Letters to Owen
On a whim, I bought this yellow journal a few days before Owen was born and once he arrived I quickly began filling the pages with pumping schedules, questions for doctors...and letters. Writing to Owen helped me feel close to him when we were separated in the early days. It helped me process my feelings about his birth and his mysterious heart defects that I had just learned about. It helped me apologize to him.

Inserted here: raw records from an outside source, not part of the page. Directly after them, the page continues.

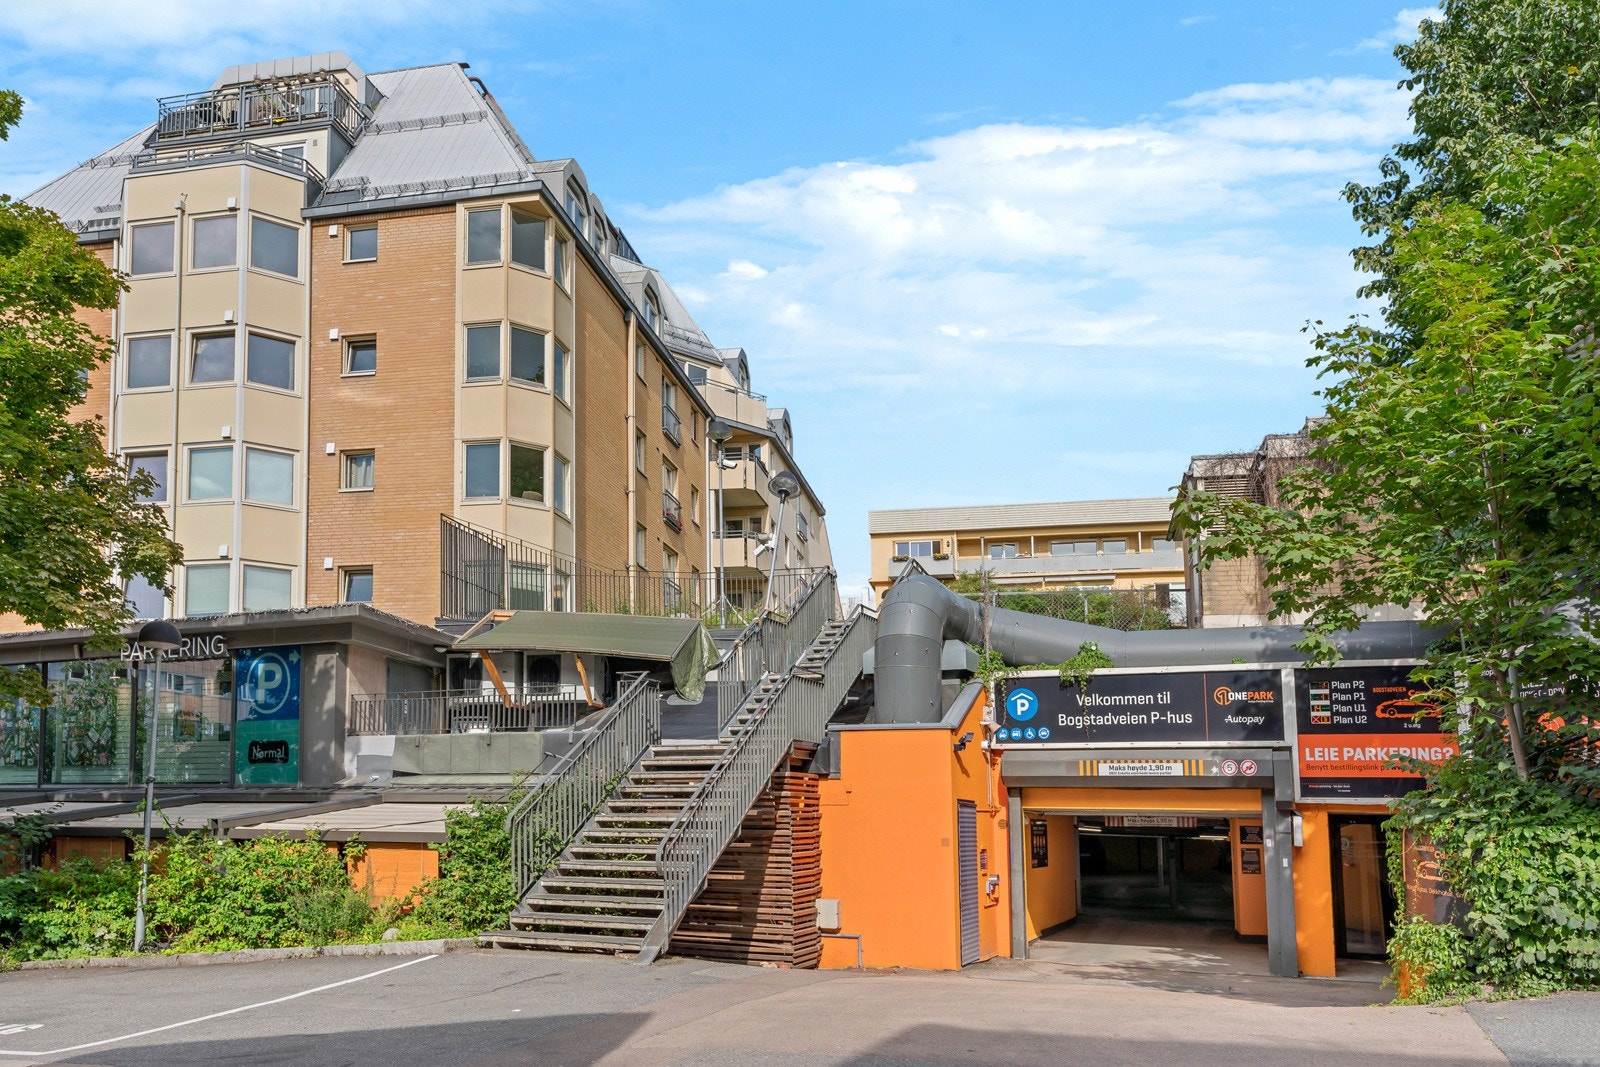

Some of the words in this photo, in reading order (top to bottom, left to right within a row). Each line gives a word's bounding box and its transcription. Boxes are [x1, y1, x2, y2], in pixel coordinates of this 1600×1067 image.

[120, 634, 225, 661] PARRING
[257, 662, 283, 704] P
[1331, 681, 1351, 689] Plan
[1352, 680, 1365, 689] P2
[1075, 693, 1154, 707] Velkommen
[1157, 691, 1171, 704] til
[1332, 693, 1351, 701] Plan
[1353, 692, 1366, 701] P1
[1016, 698, 1030, 716] P
[1333, 704, 1352, 713] Plan
[1353, 703, 1367, 712] U1
[1058, 712, 1147, 728] Bogstadveien
[1150, 711, 1193, 724] P-hus
[1224, 714, 1265, 725] Autopay
[1333, 716, 1352, 724] Plan
[1353, 715, 1368, 724] U2
[1305, 747, 1339, 761] LEIE
[1127, 764, 1147, 772] høyde
[1148, 764, 1164, 772] 1,90
[1306, 763, 1328, 771] Benytt
[1330, 763, 1379, 771] bestillingslink

I continued to write letters to Owen in DC, sometimes from my hotel room and sometimes from room 377. As he endured day after day of procedures, tests, steps forward and back I wrote to him about it. I shared with him all his progress he made and the milestones he hit. I told him about the kind people caring for him. I told him about my fear that I might lose him before I told anyone else. I apologized to him more. It became a way to mother him when I couldn't do the normal things. I fully intended to read the letters to him one day.
Now that he is my Heaven Baby, I still write to him. I tell him how much I love him. I tell him how much I miss him and how much I wanted him before he even existed. I tell him about the kind people caring for me now. I tell them how they don't know what to say and neither do I. I tell him about his Daddy and how sad I am that he won't get to laugh at his silly jokes and play with him. I tell him about his brothers and his cousins and how many things they all wanted to do with him. I tell him about the thousands of people that prayed for him, even the ones that didn't know him. I tell him about the family that came to the hospital and held him and said goodbye and about how hard it was to walk away from him that night. I tell him about Nurse Nora taking him to Disney to run a marathon and about Elliott taking Löwen ice skating.
I tell him about the lions I see everywhere. I tell him about the ocean and about finding a dress to wear to his funeral...and then hating it and finding a second one. I tell him how sad I am but ask him not to worry about me. Sometimes I ask him for help. I ask him to talk to me and send me signs from Heaven and I come back to those pages and thank him when he does. I ask him what it's like in Heaven and if he is happy. I tell him how proud I am of him. My brain knows these are words he will never read but my heart needs to get them out. It's become sort of a lifeline, much like this blog, to write to him. It keeps him alive to me.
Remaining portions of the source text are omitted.